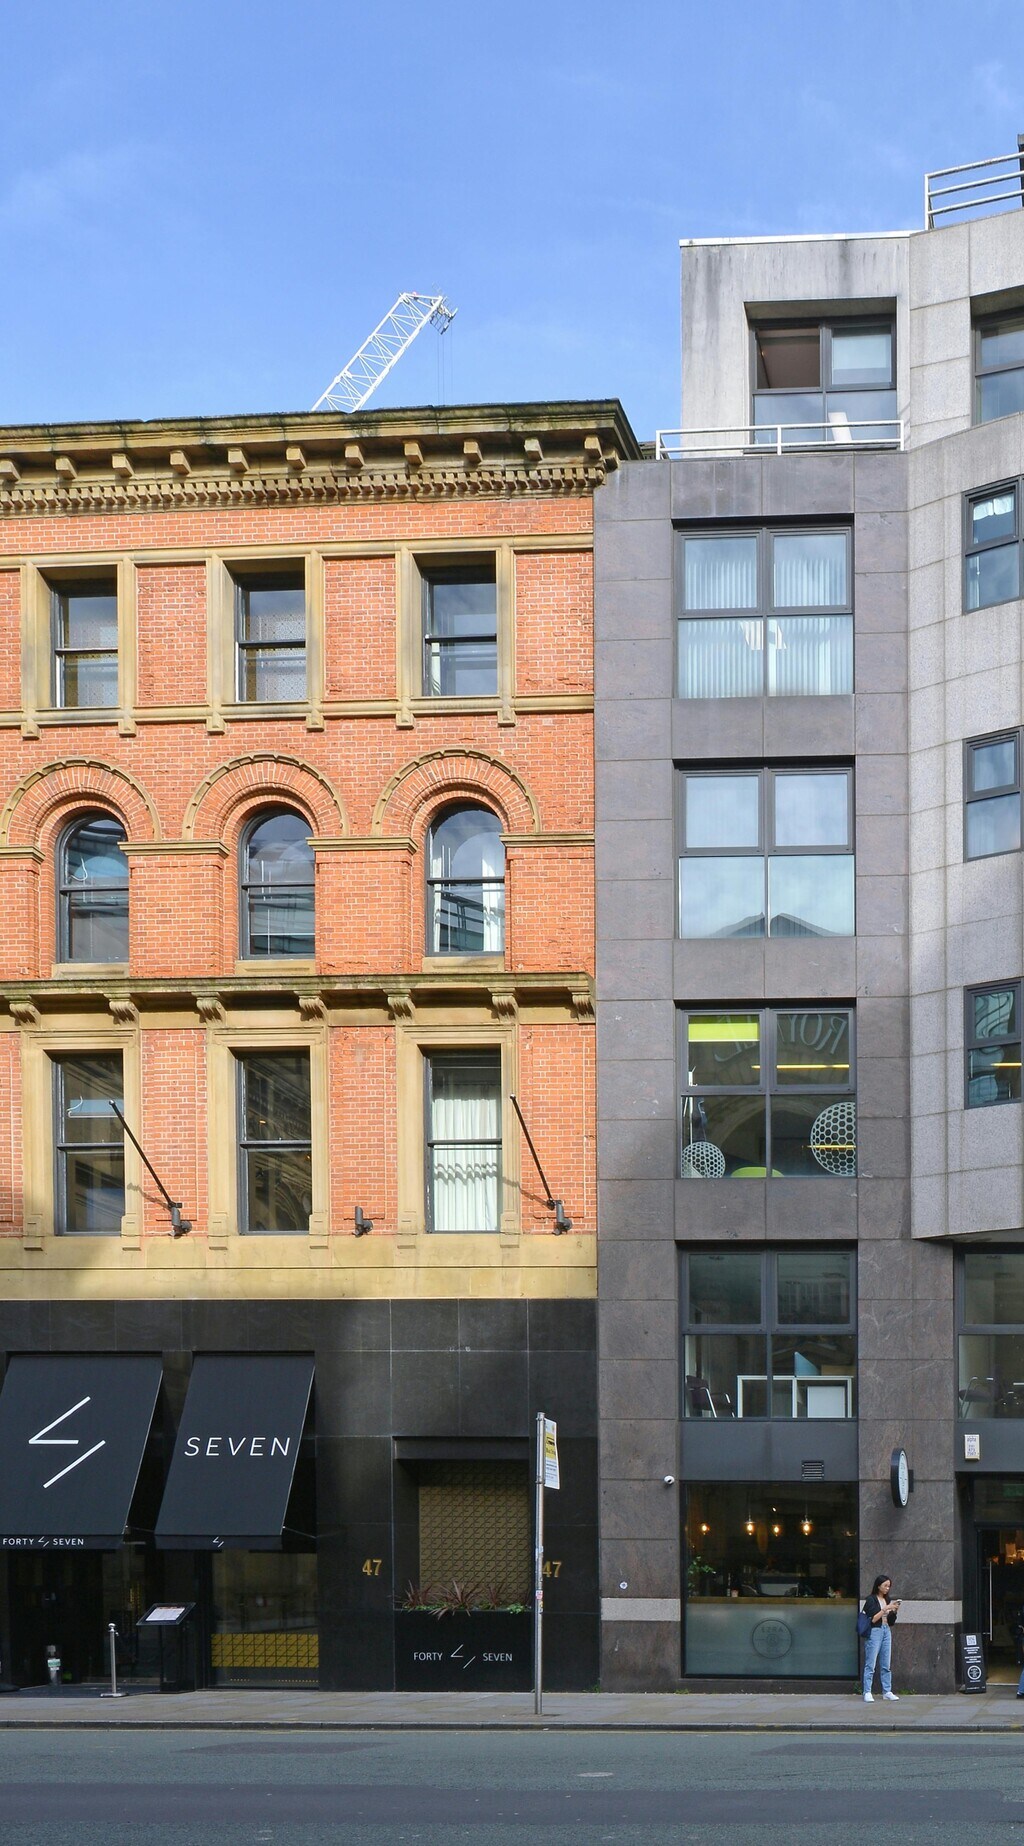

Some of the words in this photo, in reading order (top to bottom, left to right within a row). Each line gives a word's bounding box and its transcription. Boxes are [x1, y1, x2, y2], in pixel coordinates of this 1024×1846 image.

[184, 1436, 290, 1456] SEVEN
[2, 1538, 35, 1546] FORTY
[52, 1538, 84, 1546] SEVEN
[362, 1559, 382, 1576] 47
[542, 1560, 561, 1577] 47
[413, 1651, 443, 1661] FORTY
[482, 1652, 513, 1662] SEVEN

================

WORK ITEM ▸
What is needed is an exact transcription of every entry, minus the pictures.

RESULT FOR THIS TASK ▸
Some of the words in this photo, in reading order (top to bottom, left to right within a row). Each line gives a word's bounding box and its transcription. Boxes are [x1, y1, x2, y2], in pixel coordinates of this 1024×1846 image.

[184, 1436, 290, 1456] SEVEN
[2, 1538, 35, 1546] FORTY
[52, 1538, 84, 1546] SEVEN
[362, 1559, 382, 1576] 47
[542, 1560, 561, 1577] 47
[413, 1651, 443, 1661] FORTY
[482, 1652, 513, 1662] SEVEN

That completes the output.